Water then flows into more than an acre of vegetative infiltration area, seeded
with reed canary grass, brome and oats. Four feet under the grass is five-inch tile
placed 15 foot on center that drains to a manhole. When water fills the manhole
to a certain level it is pumped to the top of a vegetative treatment area.
The system is designed to withstand more than six inches of rain at one time,
and Fluit said it is a more foolproof system because of the several stages it
contains.
Melvin said the design is fitted to Fluit's feedlot and each feedlot that may use the
same technology in the coming years will be designed differently.
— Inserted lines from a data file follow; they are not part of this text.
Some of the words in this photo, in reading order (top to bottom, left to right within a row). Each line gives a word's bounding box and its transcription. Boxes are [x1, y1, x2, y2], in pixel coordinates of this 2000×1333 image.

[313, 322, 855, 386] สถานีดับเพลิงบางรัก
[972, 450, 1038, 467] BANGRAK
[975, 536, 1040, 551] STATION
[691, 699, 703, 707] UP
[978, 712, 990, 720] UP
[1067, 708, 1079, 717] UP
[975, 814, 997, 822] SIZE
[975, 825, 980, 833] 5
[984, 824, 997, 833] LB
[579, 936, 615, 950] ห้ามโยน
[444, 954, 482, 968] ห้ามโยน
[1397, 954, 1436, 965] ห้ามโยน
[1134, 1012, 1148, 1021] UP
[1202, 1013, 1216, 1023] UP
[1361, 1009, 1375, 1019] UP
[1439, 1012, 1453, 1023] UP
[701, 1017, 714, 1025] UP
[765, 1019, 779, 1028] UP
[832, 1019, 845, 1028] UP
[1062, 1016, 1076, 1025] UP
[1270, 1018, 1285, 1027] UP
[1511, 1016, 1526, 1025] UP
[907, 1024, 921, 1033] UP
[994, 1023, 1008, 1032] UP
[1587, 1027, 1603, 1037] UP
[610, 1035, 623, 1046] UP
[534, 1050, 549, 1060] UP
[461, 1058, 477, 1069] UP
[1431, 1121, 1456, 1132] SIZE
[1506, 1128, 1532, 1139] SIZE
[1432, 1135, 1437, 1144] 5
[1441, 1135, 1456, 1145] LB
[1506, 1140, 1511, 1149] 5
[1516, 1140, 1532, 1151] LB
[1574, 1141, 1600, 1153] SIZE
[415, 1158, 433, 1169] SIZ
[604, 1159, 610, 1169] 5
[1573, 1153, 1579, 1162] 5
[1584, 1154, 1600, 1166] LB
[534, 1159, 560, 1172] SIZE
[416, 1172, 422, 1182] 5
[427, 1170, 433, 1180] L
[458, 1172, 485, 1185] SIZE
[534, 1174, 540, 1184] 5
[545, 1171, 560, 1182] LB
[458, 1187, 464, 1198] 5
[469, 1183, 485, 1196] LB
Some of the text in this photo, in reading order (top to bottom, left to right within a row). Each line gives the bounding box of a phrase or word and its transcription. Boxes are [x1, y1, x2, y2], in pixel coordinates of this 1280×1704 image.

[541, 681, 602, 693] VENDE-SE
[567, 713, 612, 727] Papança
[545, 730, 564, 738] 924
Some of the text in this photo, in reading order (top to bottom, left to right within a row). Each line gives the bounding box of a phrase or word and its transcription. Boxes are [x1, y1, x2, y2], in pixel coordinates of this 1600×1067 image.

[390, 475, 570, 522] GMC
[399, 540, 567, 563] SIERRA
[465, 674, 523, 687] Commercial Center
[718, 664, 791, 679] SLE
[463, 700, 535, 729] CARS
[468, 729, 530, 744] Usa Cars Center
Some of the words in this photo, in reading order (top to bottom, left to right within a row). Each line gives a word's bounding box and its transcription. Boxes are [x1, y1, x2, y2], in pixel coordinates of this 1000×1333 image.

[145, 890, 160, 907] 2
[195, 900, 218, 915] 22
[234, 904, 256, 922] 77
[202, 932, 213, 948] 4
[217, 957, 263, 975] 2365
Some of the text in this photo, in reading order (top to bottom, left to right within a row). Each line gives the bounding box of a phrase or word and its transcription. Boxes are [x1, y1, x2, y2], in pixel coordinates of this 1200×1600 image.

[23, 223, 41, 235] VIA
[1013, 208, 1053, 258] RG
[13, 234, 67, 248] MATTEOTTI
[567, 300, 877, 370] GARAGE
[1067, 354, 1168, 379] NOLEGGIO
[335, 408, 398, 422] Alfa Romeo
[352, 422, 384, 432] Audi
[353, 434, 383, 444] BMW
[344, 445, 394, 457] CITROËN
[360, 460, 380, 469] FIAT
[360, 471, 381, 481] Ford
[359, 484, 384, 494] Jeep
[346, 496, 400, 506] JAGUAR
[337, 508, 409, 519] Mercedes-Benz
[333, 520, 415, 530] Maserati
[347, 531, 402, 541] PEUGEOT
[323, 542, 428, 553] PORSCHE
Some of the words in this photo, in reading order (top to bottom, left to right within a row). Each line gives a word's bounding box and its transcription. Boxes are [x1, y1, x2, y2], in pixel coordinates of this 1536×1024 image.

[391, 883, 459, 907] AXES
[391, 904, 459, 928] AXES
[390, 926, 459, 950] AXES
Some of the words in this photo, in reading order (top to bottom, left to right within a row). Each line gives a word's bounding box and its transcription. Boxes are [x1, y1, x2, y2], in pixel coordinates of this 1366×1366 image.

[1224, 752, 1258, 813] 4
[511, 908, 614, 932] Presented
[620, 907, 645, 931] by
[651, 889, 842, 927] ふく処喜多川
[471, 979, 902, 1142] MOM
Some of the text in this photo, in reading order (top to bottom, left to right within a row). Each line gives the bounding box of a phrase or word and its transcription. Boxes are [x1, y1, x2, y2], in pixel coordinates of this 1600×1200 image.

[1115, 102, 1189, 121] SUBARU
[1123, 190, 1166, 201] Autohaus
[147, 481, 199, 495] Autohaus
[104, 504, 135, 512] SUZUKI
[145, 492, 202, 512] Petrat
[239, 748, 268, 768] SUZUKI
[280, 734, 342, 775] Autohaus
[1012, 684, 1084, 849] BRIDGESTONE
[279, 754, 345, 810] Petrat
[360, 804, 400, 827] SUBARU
"We needed to design a system that took advantage of the permeable soil
around here and would not have a catch basin where effluents would sit for a
long period of time," Melvin said.
He said 75 percent to 80 percent of nitrogen is removed from runoff before it
enters the tile and that water is pumped to the top of the hill where it is again
filtered as it runs down the hill.
The grasses of both vegetative infiltration areas are cropped several times a
year, which removes nutrients.
Because the system is experimental, experts are not certain how long it will take
for the top layer of the vegetative infiltration area to become saturated with
nutrients, but Melvin said the area might have to be maintained every five years
when the top layer of dirt would be removed and replaced with topsoil.